(Collected data)
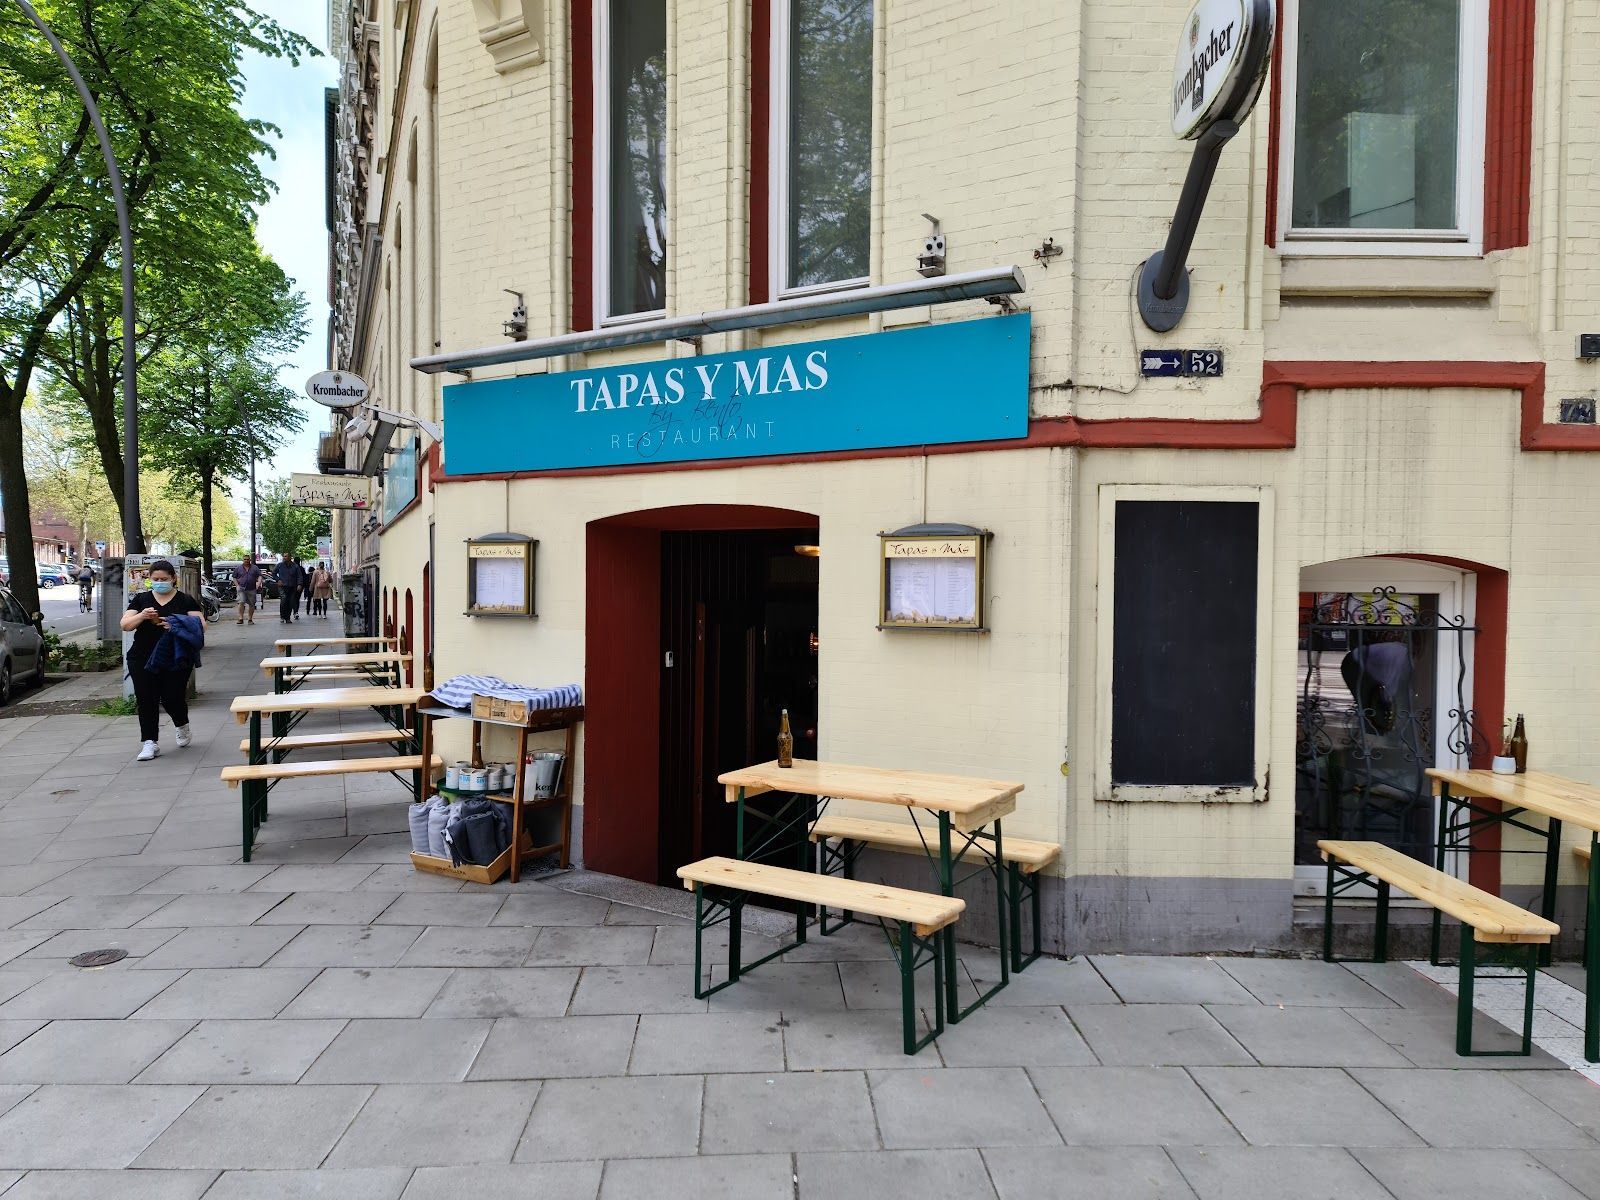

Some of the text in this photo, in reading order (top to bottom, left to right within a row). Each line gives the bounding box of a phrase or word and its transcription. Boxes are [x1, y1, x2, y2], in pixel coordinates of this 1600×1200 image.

[1173, 20, 1234, 120] Krombacher
[1191, 352, 1218, 374] 52
[313, 384, 364, 397] Krombacher
[570, 350, 830, 413] TAPAS Y MAS
[611, 421, 775, 449] RESTAURANT
[295, 485, 331, 502] Tapas
[891, 544, 928, 556] Tapas
[940, 543, 969, 554] Más

Problem statement:
Omit the pictures, then give all the lines above again exactly.

The completed task:
Some of the text in this photo, in reading order (top to bottom, left to right within a row). Each line gives the bounding box of a phrase or word and its transcription. Boxes are [x1, y1, x2, y2], in pixel coordinates of this 1600×1200 image.

[1173, 20, 1234, 120] Krombacher
[1191, 352, 1218, 374] 52
[313, 384, 364, 397] Krombacher
[570, 350, 830, 413] TAPAS Y MAS
[611, 421, 775, 449] RESTAURANT
[295, 485, 331, 502] Tapas
[891, 544, 928, 556] Tapas
[940, 543, 969, 554] Más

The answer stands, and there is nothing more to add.